This morning I started Day 5 of my 100 Day Challenge. And I woke up a little proud of myself.
Last night, I went to the gym only to quickly leave the gym. I'd forgotten my gym shoes, and I didn't think combat boots would quite get me through the workout. So, when I got home ... I worked out. Yep; turned on my trusty app and got 46 minutes of body-weight muscle toning in, and I followed the workout up with a pretty delicious salad and yogurt.

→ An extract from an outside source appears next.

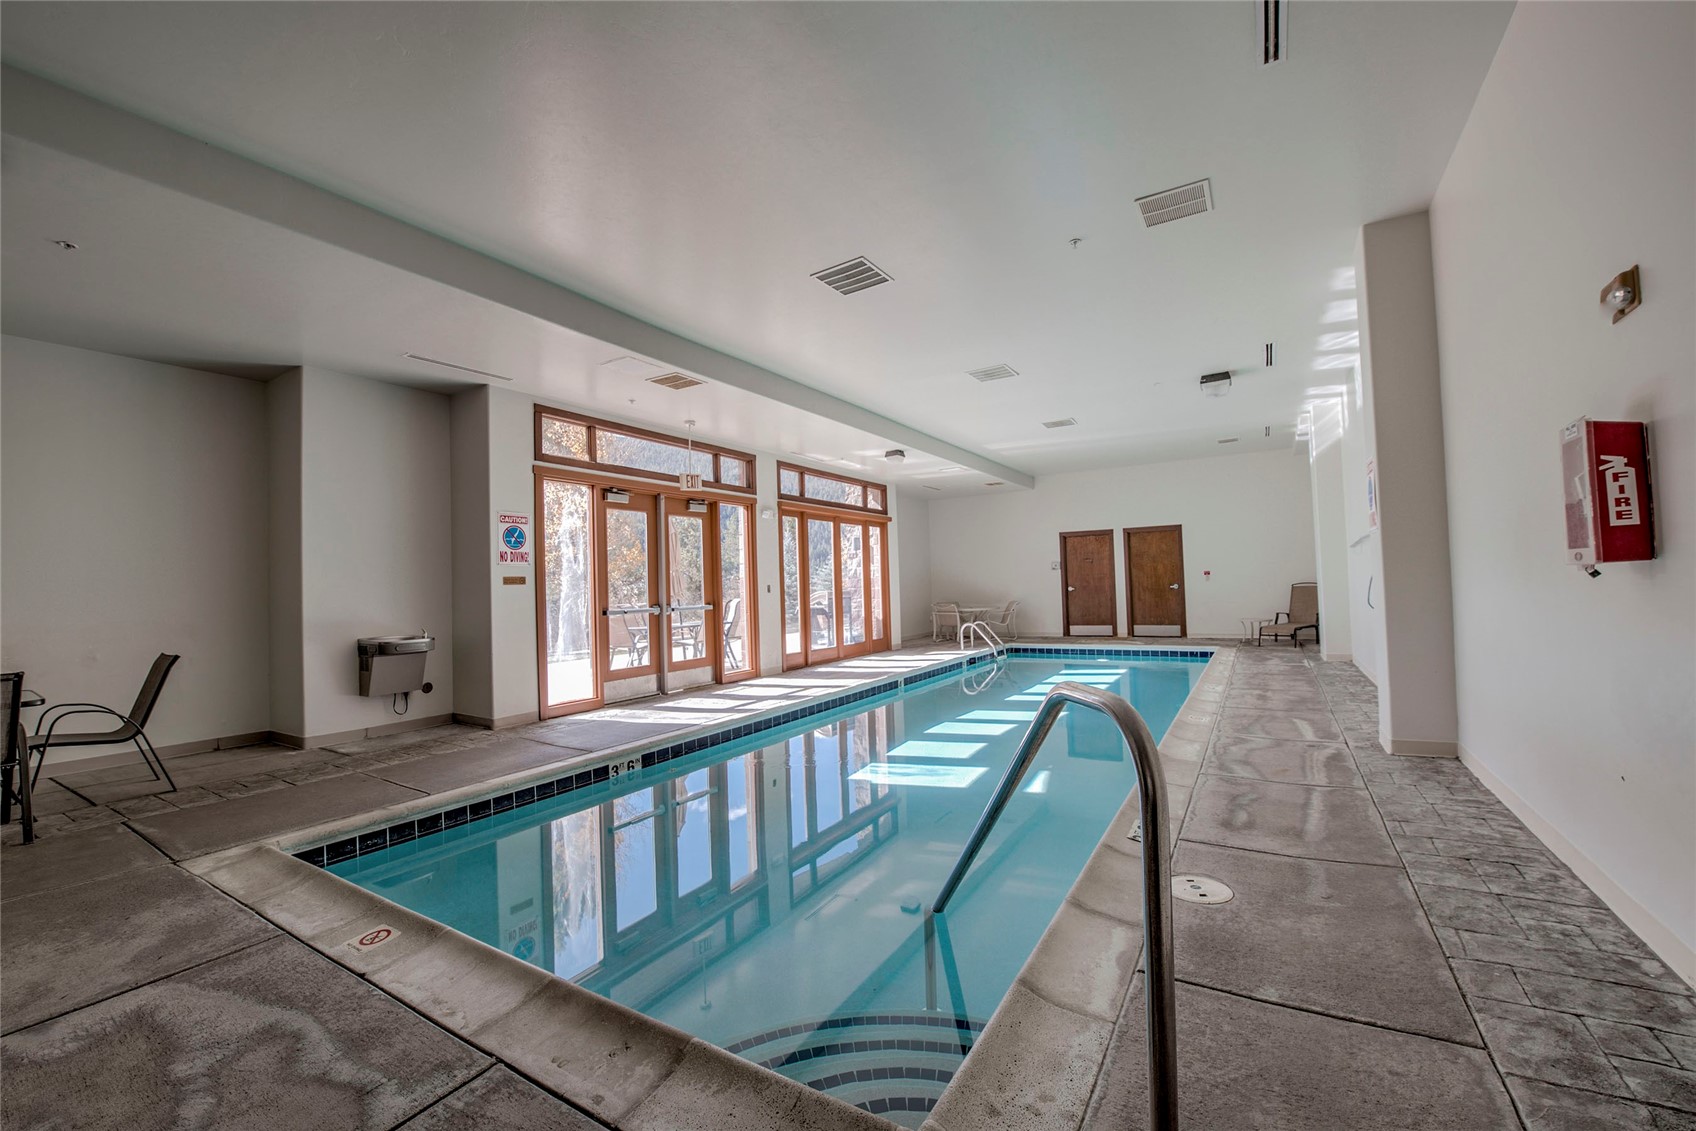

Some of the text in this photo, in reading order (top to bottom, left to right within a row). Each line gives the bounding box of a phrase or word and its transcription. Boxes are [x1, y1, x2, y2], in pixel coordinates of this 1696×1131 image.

[686, 474, 700, 488] EXIT
[1611, 471, 1633, 520] FIRE
[500, 551, 509, 562] NO

If this had happened last week, it would likely have resulted in a trip to the Whole Foods hot bar for mashed potatoes and macaroni and cheese, and possibly gelato. Not that any of that is verboten (even with my new mindset), there just really needs to be a reason for it. And no, a day that ends in "y" is not a reason. Either I earn it with a serious workout, or there's an event or celebration behind it. (Preferably, I will earn it AND there will be a celebration.)
What's more, after I had my dinner and yogurt last night, I just brushed my teeth. Nope, no more food tonight. You will not tempt me, Kind bars!
So here's the real dill pickle: this isn't hard, but it's hard. I have to continually remind myself that this isn't a quick fix. It's not really about what I'm eating; it's about being real about what I'm eating, and being diligent about getting to the gym.
It's about focus. And sometimes I lose focus.
Here's what I know on Day 5: I feel good. I'm sleeping great. And I'm excited about trying new things. That's sort of a tertiary goal here - trying new things. I'm counting yoga in that, because I haven't been going regularly to yoga in a really long time. So all those places that offer you a free workout to try? I'm trying them. Orange Theory? Bring it on. A friend of mine just opened her own pilates studio, and I am pumped to try it. And yes, I'm challenging myself to get to at least one yoga class every week, because I know it will tap into parts of me that need to be awakened and worked. Scary? A little. And that's okay.
For the moment, though, I'm off to walk on a treadmill and answer some emails before going to meditation class. Because that's something new, too.